Police see property damage increaseIt is common to see an increase in graffiti and property damage over the summer, Woodbury Public Safety director Lee Vague said, but the city has seen a spike in damage reports in recent months. Youths are suspected for most of the damage.
By: Scott Wente, Woodbury Bulletin
Woodbury police hope the end of summer also brings closure to a season of small-time, but costly, vandalism to city property.
It is common to see an increase in graffiti and property damage over the summer, Public Safety director Lee Vague said, but the city has seen a spike in damage reports in recent months. Youths are suspected for most of the damage.
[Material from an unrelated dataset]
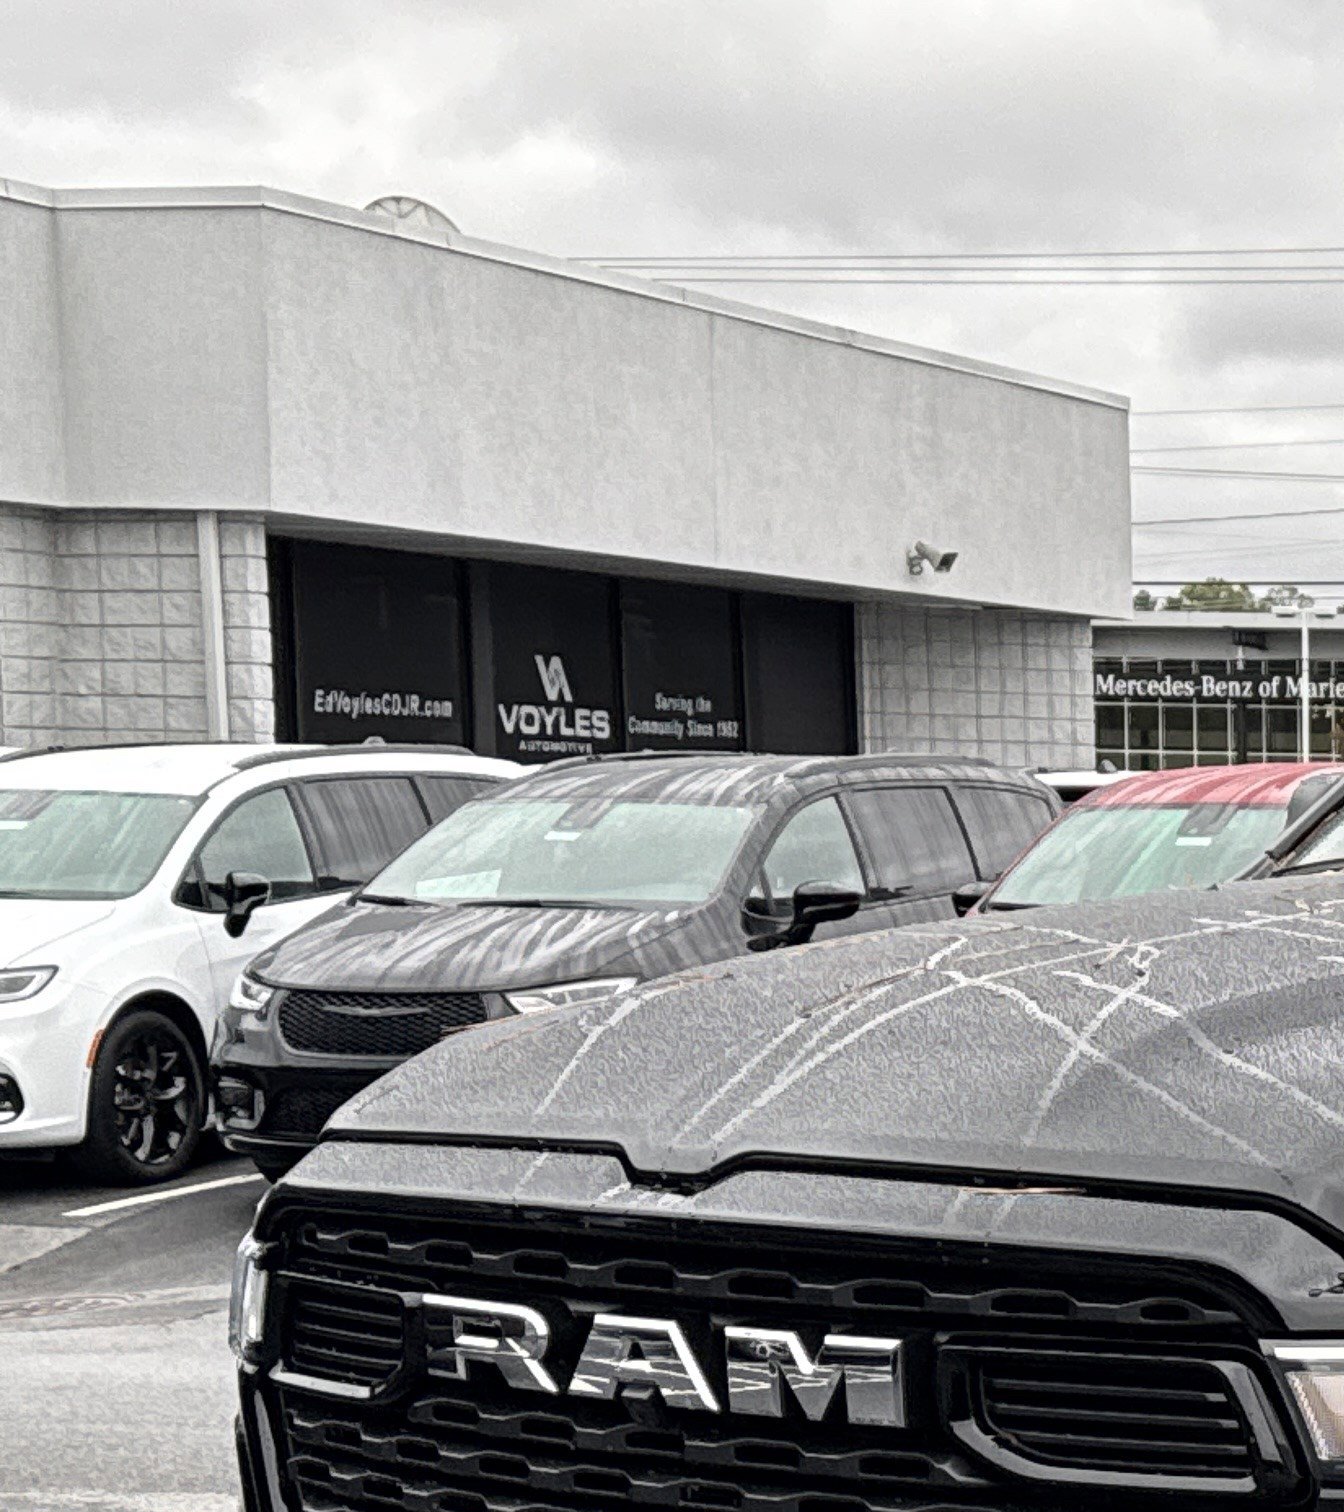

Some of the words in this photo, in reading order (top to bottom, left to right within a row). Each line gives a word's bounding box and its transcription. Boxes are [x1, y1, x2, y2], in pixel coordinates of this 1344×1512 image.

Vandalism has included obscene markings on the roof of the Bielenberg Sports Center dome, spray paint on other city property and damaged park bathrooms, which in some cases led to the facilities’ temporary closure.
It can be costly to fix the damage, Vague said. The Bielenberg graffiti, for instance, required new paint.
“It’s something that obviously needs to be cleaned up right away,” he said.
Public safety officials could not immediately quantify the number of vandalism reports or estimated cost of the damage.
Patrol officer Tony Ofstead has taken the lead in handling the public property damage complaints, Vague said. Ofstead and others are getting closer to identifying juveniles believed responsible.
“It’s frustrating,” Vague told city council members last week. “It’s not fun when you’re a cop and you’re being outsmarted by kids.”
But when school starts in two weeks, students may start squawking and claiming credit for the damage. Cases could be solved as a result of that boasting, Vague said.
If juveniles responsible for the damage are identified, their restitution may include an appearance before the city council, which approves public infrastructure spending.
“It’s an accountability issue,” council member Paul Rebholz said.